# Work task
This exercise calls for the records to be returned exactly, with images removed.

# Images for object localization

════

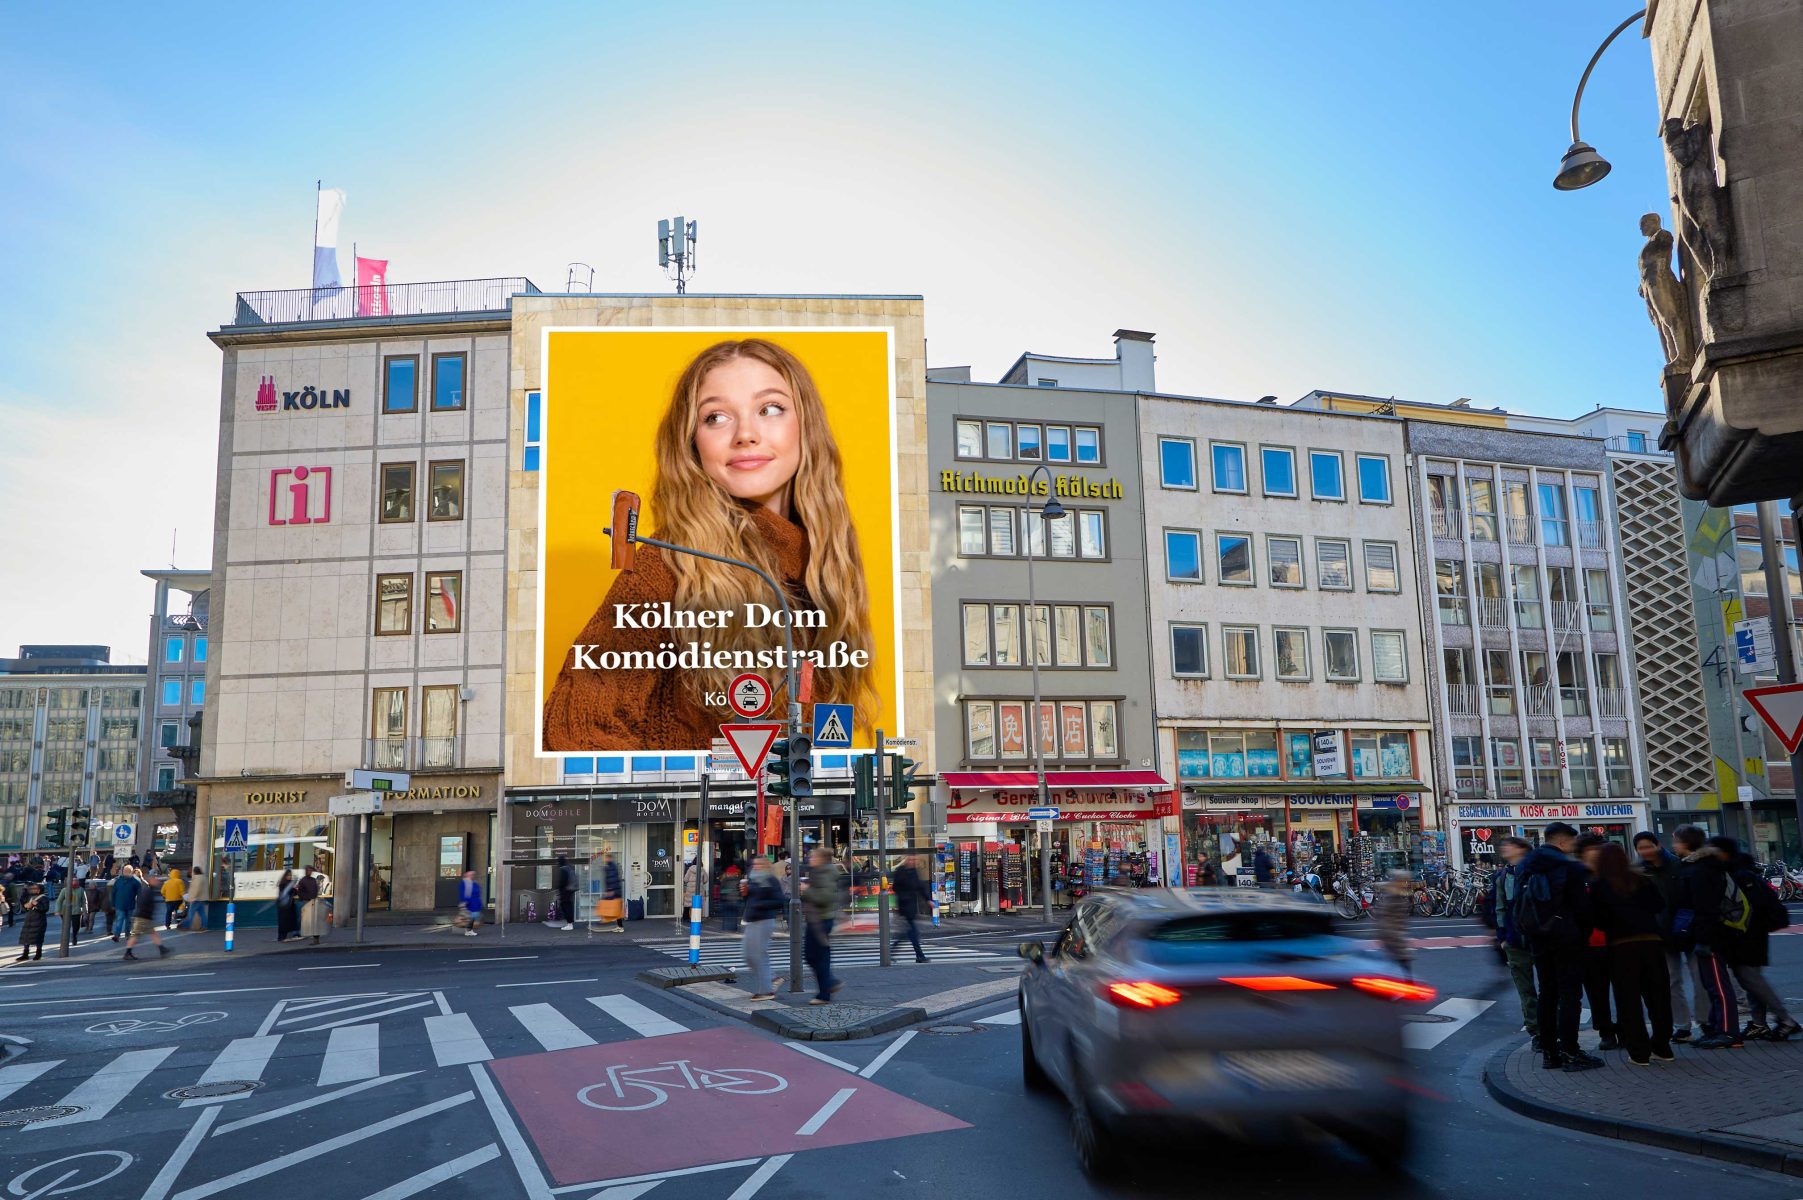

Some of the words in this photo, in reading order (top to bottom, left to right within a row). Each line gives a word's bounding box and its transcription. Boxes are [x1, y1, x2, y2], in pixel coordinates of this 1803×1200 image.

[283, 386, 350, 410] KÖLN
[1056, 474, 1124, 498] Kölsch
[613, 602, 734, 629] Kölner
[744, 603, 828, 628] Dom
[571, 641, 869, 670] Komödienstraße
[885, 738, 918, 747] Komödienstr.
[1558, 740, 1567, 769] KIOSK
[244, 790, 307, 804] TOURIST
[1209, 796, 1239, 804] Souvenir
[1241, 795, 1259, 805] Shop
[1290, 795, 1352, 805] SOUVENIR
[637, 799, 672, 820] DOM
[709, 802, 744, 814] mangal
[1458, 805, 1512, 818] GESCHENKARTIKEL
[1519, 804, 1545, 817] KIOSK
[1547, 807, 1559, 817] am
[1562, 804, 1579, 816] DOM
[1585, 804, 1633, 816] SOUVENIR
[966, 813, 1007, 822] Original
[1010, 812, 1029, 821] Bla
[1073, 812, 1107, 820] Cuckoo
[1109, 811, 1138, 819] Clocks
[1470, 842, 1495, 854] Köln
[1239, 879, 1252, 887] 140
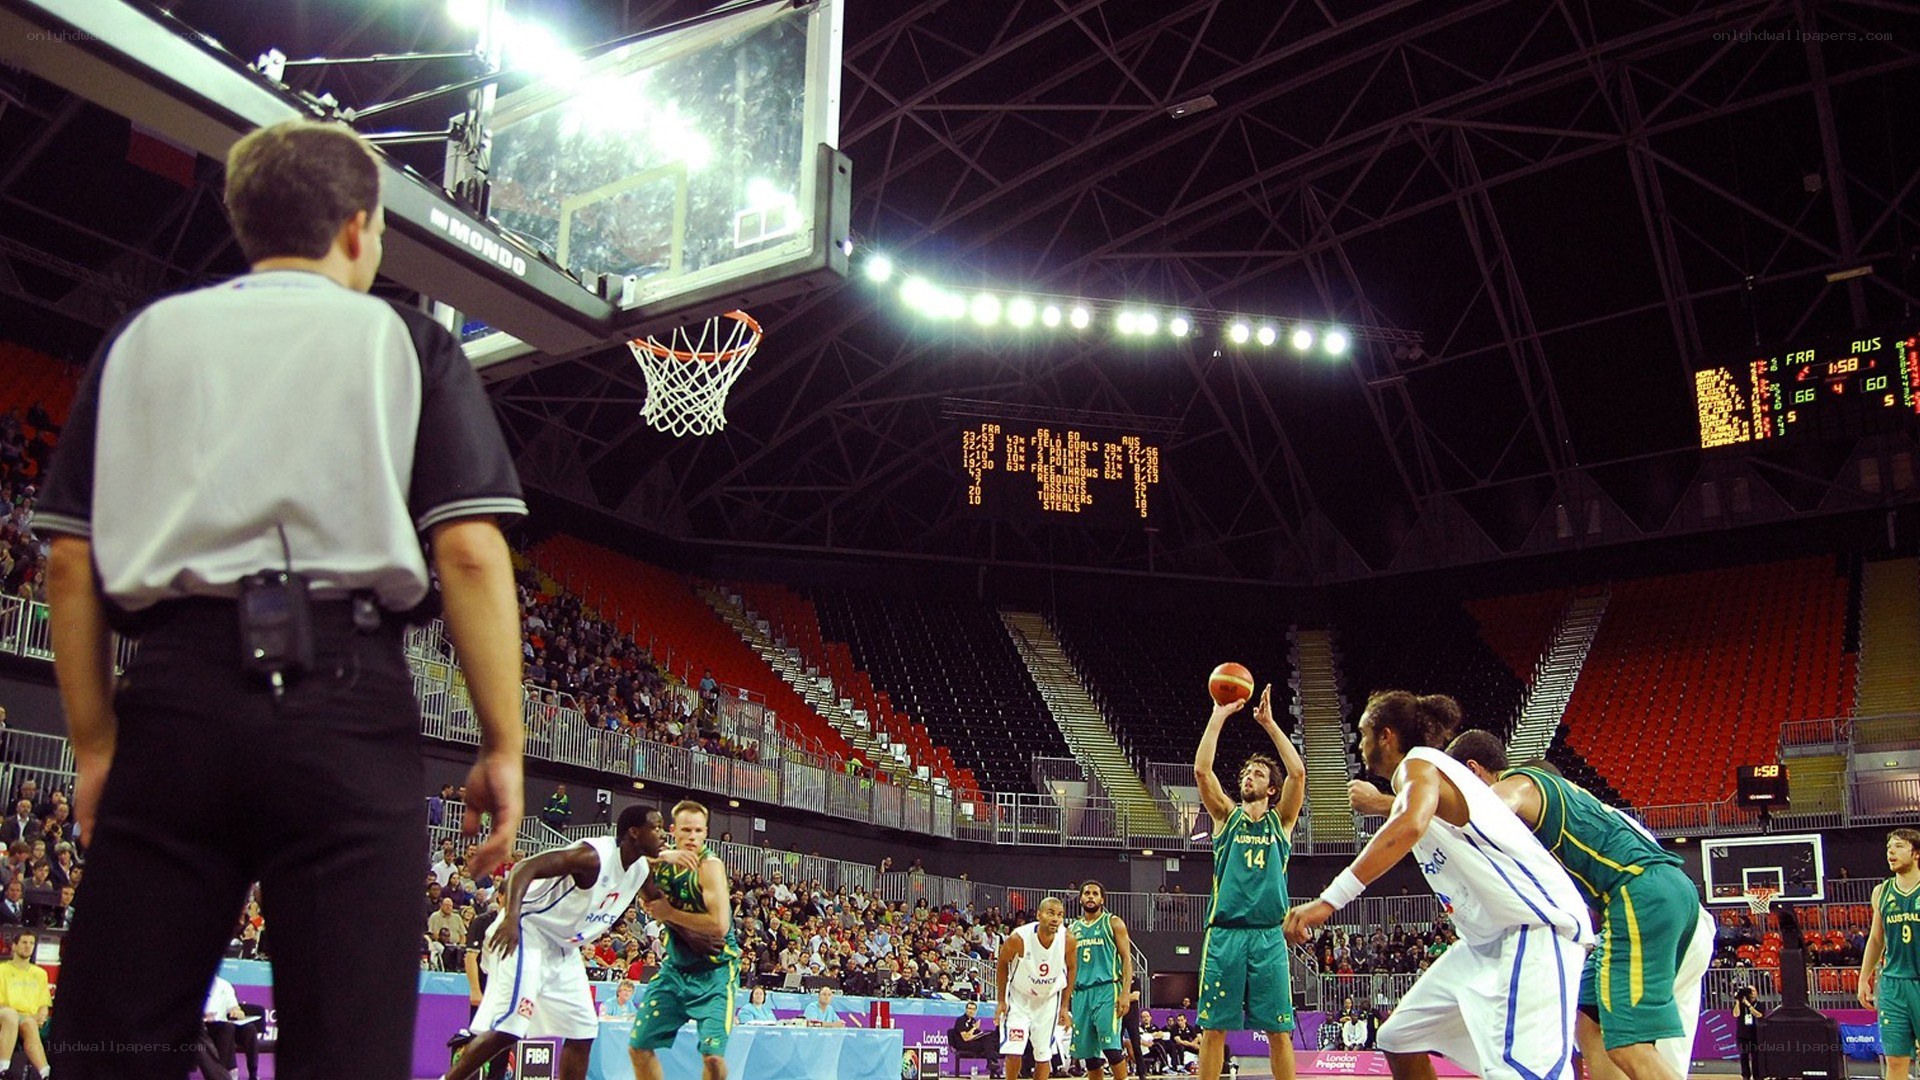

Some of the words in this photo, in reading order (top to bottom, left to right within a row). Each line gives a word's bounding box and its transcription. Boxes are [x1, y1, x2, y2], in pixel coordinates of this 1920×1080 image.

════

# Answer section
Some of the words in this photo, in reading order (top to bottom, left to right within a row). Each line gives a word's bounding box and its transcription. Boxes are [x1, y1, x2, y2], in pixel coordinates of this 1803×1200 image.

[283, 386, 350, 410] KÖLN
[1056, 474, 1124, 498] Kölsch
[613, 602, 734, 629] Kölner
[744, 603, 828, 628] Dom
[571, 641, 869, 670] Komödienstraße
[885, 738, 918, 747] Komödienstr.
[1558, 740, 1567, 769] KIOSK
[244, 790, 307, 804] TOURIST
[1209, 796, 1239, 804] Souvenir
[1241, 795, 1259, 805] Shop
[1290, 795, 1352, 805] SOUVENIR
[637, 799, 672, 820] DOM
[709, 802, 744, 814] mangal
[1458, 805, 1512, 818] GESCHENKARTIKEL
[1519, 804, 1545, 817] KIOSK
[1547, 807, 1559, 817] am
[1562, 804, 1579, 816] DOM
[1585, 804, 1633, 816] SOUVENIR
[966, 813, 1007, 822] Original
[1010, 812, 1029, 821] Bla
[1073, 812, 1107, 820] Cuckoo
[1109, 811, 1138, 819] Clocks
[1470, 842, 1495, 854] Köln
[1239, 879, 1252, 887] 140

Some of the words in this photo, in reading order (top to bottom, left to right within a row). Each line gives a word's bounding box and its transcription. Boxes are [x1, y1, x2, y2], in pixel coordinates of this 1920×1080 image.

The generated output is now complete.